Frameshifting at collided ribosomes is modulated by elongation factor eEF3 and by Integrated Stress Response regulators Gcn1 and Gcn20

Abstract

AbstractRibosome stalls can result in ribosome collisions that elicit quality control responses, one function of which is to prevent frameshifting by the stalled ribosome, an activity that entails interaction of the conserved yeast protein Mbf1 with uS3 on colliding ribosomes. However, the full spectrum of factors that mediate frameshifting during ribosome collisions is unknown. To delineate such factors in the yeast Saccharomyces cerevisiae, we used genetic selections for mutants that either suppress or increase frameshifting from a known ribosome stall site, CGA codon repeats. We show that the general translation elongation factor eEF3 promotes frameshifting, while Integrated Stress Response (ISR) pathway components Gcn1 and Gcn20 suppress frameshifting. We found a mutant form of eEF3 that specifically suppressed frameshifting, but not translation inhibition by CGA codons. Thus, we infer that frameshifting at collided ribosomes requires eEF3, which facilitates tRNA-mRNA translocation and E-site tRNA release in yeast and other single cell organisms. By contrast, we found that removal of either Gcn1 or Gcn20, which bind collided ribosomes with Mbf1, increased frameshifting.
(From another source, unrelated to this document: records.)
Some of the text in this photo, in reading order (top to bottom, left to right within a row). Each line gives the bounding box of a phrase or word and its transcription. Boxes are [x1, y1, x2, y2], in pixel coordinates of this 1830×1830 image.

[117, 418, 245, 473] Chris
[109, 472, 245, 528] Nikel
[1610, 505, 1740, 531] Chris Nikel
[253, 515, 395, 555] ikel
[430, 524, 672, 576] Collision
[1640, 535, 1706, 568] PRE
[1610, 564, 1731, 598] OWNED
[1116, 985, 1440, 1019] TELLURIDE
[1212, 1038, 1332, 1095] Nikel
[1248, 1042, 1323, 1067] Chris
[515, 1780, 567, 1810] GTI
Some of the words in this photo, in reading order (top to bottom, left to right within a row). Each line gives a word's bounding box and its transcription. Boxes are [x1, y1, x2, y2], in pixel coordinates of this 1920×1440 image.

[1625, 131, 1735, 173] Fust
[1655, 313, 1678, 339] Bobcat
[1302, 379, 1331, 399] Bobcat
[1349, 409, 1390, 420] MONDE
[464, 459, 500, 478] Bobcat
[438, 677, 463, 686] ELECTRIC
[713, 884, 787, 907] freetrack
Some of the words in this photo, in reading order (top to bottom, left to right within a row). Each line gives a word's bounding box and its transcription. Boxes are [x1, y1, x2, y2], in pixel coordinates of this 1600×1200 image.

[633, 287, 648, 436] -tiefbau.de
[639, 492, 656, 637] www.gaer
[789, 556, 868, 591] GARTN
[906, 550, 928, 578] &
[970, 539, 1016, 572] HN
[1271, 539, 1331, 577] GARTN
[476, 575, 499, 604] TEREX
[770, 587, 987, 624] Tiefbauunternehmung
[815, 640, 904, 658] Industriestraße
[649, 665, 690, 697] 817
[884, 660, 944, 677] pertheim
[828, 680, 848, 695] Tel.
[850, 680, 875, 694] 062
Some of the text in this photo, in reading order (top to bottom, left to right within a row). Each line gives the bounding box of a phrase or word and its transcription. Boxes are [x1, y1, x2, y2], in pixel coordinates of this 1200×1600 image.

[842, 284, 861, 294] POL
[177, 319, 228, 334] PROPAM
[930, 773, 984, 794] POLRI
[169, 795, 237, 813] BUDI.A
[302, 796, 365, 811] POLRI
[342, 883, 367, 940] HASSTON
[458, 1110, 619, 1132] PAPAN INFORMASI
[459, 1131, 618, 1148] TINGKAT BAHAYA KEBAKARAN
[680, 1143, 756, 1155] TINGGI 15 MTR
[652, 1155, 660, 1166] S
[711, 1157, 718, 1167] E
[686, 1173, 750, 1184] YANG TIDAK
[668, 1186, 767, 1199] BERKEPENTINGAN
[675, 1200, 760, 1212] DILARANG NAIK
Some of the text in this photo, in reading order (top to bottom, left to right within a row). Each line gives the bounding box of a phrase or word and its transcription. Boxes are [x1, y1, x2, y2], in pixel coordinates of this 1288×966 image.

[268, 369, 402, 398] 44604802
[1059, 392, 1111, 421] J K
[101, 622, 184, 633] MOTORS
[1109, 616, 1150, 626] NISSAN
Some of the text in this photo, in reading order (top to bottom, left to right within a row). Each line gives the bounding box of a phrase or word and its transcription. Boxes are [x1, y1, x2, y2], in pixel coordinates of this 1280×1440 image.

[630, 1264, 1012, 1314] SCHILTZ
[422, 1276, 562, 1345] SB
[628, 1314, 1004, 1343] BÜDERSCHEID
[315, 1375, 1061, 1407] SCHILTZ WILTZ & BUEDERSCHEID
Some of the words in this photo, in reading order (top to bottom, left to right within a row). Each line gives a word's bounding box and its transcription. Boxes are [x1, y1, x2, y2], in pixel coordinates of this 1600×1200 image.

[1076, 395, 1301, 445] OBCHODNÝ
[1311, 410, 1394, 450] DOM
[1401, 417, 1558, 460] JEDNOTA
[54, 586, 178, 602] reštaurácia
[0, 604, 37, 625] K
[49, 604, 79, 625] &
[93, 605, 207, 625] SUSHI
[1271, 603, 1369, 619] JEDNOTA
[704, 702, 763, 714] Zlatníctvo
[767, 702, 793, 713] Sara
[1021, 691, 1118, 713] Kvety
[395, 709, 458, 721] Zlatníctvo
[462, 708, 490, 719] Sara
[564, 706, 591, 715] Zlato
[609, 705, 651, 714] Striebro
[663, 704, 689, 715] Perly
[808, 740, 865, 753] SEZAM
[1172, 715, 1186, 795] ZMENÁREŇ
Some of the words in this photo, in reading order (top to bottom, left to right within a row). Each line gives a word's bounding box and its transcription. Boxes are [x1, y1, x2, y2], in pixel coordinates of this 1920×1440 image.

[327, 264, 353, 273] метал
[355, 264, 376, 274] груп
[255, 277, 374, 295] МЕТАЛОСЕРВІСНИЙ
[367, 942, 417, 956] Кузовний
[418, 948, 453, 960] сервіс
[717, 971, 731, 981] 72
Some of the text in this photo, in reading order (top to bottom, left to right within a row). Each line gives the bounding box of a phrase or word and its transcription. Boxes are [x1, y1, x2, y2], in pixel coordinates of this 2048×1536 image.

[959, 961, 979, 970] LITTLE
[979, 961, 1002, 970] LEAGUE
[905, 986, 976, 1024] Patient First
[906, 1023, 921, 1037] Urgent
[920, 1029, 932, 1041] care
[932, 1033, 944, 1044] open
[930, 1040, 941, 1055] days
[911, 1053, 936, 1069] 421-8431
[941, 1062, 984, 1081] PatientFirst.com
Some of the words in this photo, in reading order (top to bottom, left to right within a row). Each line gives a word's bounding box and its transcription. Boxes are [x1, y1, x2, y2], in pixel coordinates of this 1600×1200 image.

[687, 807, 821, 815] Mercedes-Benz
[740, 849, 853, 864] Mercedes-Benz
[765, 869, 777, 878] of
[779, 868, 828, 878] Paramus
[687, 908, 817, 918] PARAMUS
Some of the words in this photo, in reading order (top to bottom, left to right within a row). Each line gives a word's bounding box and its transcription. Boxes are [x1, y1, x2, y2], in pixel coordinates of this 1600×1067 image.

Thus, we conclude that frameshifting is suppressed by Gcn1 and Gcn20, although these effects are not mediated through activation of the ISR. Furthermore, we examined the relationship of eEF3-mediated frameshifting to other quality control mechanisms, finding that the eEF3-mediated frameshifting competes with No-Go decay, Mbf1 and Gcn1/20. Thus, these results provide evidence of a direct link between translation elongation and frameshifting at collided ribosomes, as well as evidence that frameshifting competes with other quality control pathways that act on collided ribosomes.